Thursday, March 22, 2012

Harison has just broken below its 40-week SMA line

Earlier, I have noted that Harison had received a letter of demand dated February 15, 2012 from the Custom demanding payment of RM91.75 million for purported unpaid:

  1. Import Duty amounting to RM31,452,344.00
  2. Excise Duty amounting to RM54,805,709.42
  3. Sales Tax amounting to RM5,492,365.50

When it released its latest financial results for QE31/12/2011, Harison merely referred to the above demand & made the following comments:

i) It does not admit being liable to pay RM91,750,418.99.

ii) It is seeking legal advice on the demand.

iii) It has on 27 February 2012 written to the Custom to request for a two months extension to reply to their letter.

The above comment is a standard comment which is to be expected since the matter is still pending. If this claim is not successfully challenged by Harison, it could lead to two things:

a) A full payment would reduce its Shareholders' Funds from RM268.9 million to RM177.2 million or its NTA per share from RM3.93 to RM2.59 (based on its Balance Sheet as at 31/12/2011).

b) Its future sales volume & operating margin will be affected due to higher duties and/or sales tax payable.

In my opinion, it is probable that Harison will not succeed in disputing the claim by the Custom. As such, the prudent approach is to reduce one's position in this stock. From the chart below, we can see that Harison has broken its 40-week SMA line at RM3.22 (which you may consider its uptrend line).

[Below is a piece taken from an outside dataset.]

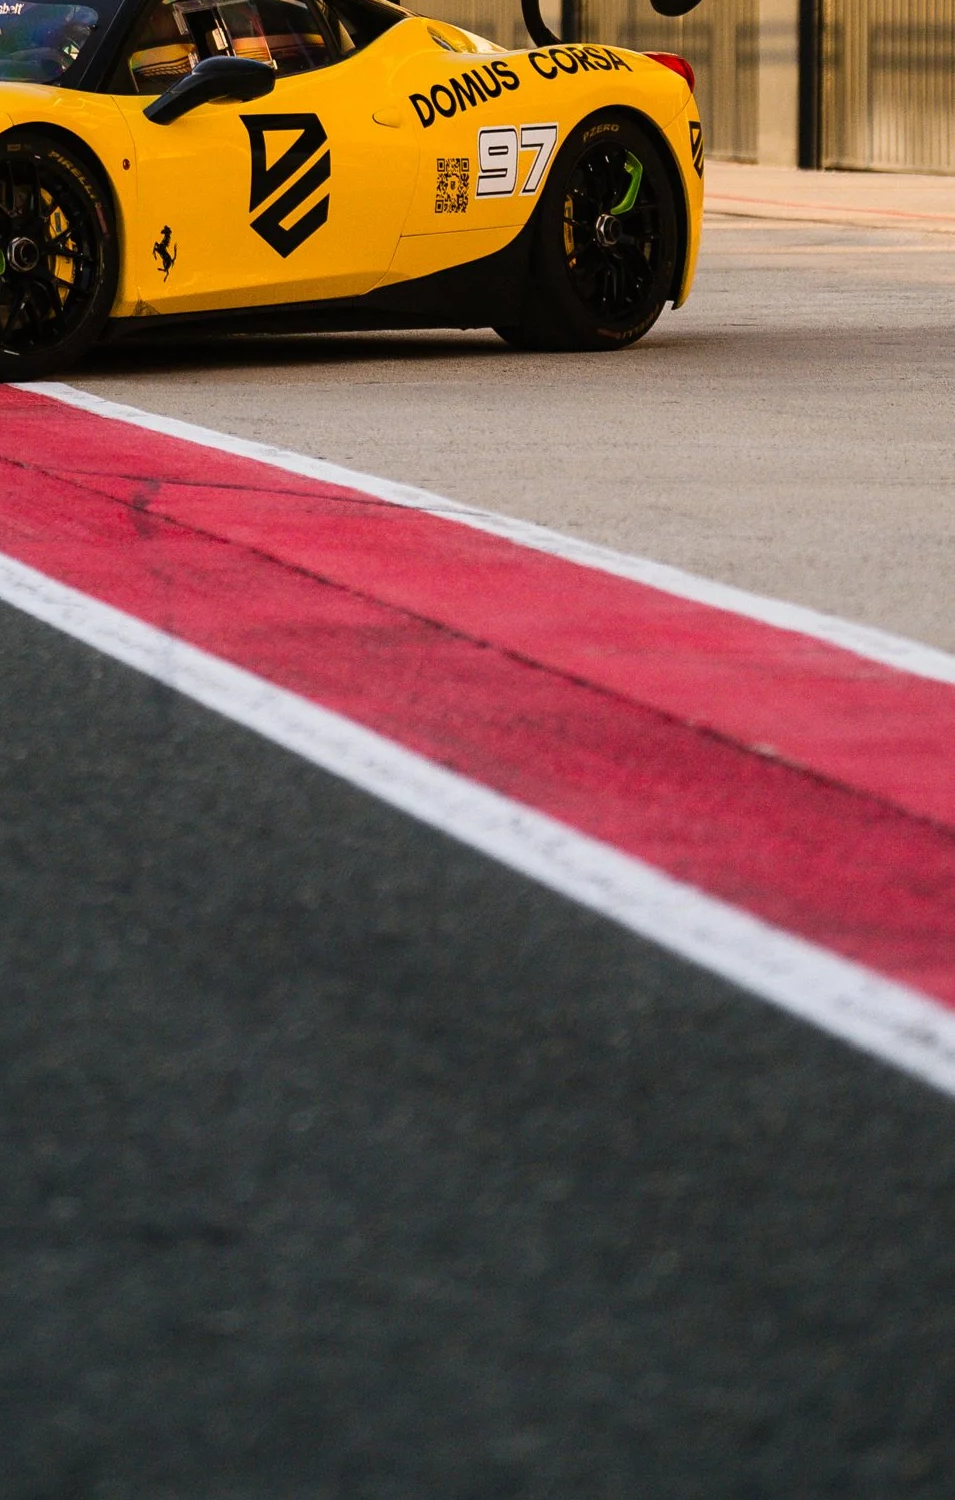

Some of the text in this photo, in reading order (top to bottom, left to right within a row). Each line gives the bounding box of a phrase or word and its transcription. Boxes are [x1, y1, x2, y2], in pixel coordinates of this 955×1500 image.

[408, 47, 633, 128] DOMUS CORSA
[475, 122, 558, 199] 97

Chart: Harison's daily chart as at March 22, 2012_12.15pm (source: Quickcharts)


Heng said...

Hi Alex,
Good day!

Thank you ur head up!!

Sunny said...

1) I do not believe that the management or the board of directors are under extreme pressure to get anything to do with illegal trades to make the company stay in profitability.

2) I do not believe that the major shareholders and controlling shareholders are willing to take any risk of making extra earnings through illegal trades.

3) I don't think that the profit from illegal trades, if there is any, would be reported or contributed to the company's earning.

4) If there is any illegal trades, it must be out from selfish thoughts that is against the company's interest. And all the profit intended to be made through the illegal trades are to benefit only the offenders, not the company's shareholder.

5) It is the offenders (could be the executives of the company) who are solely responsible to the outcome of such illegal and dishonest act, and therefore should be the only party facing the charge of law and regulation, and the outcome of the jurisdiction. Otherwise I do not see the fairness of the law and regulation which should be put in place to protect the innocent people (non-controlling interest shareholders in this case)and punish the offenders who have persued their own interest that is against the company's and the shareholders'.

Alex Lu said...

Hi Sunny,

I was very shocked when I first read this news. For your information, I worked for a few months as an audit clerk in the early 1980s and one of the firms that my team was sent to audit was Harison. I did only the small portion of the work. Back then, the Finance Director was a Englishman and the company operated like any MNC.

Today, Harison's major shareholder is an Indonesian. I don't know whether the controls are still as rigid as in the old days.

In the commercial world, one cannot be too sure about this kind of things. If you say Harison's management did not do it, then why does Customs want to pursue the case? It would have checked with higher authority and they too feel that they have a strong case.

We will have to wait & see.

Sunny said...

I just feel that if major shareholders really have something planned behind the scene, they should have formed a subsidiary for the operation just to firewall the parent holding company from such crisis. And this subsidiary should pay huge dividend to parents company and then followed by hefty dividend payout by the parent holding company to the shareholders. If it is the non-shareholding directors who have committed the crime, then they are the ones accounted for losses of government, not the shareholders. That is because, such profit would not possibly be reported and very likely goes into the pocket of the offenders. My reasoning is that they are not under pressure to do this just to make the financial report good enough for them to stay in job, but could have been tempted to do that out of greed.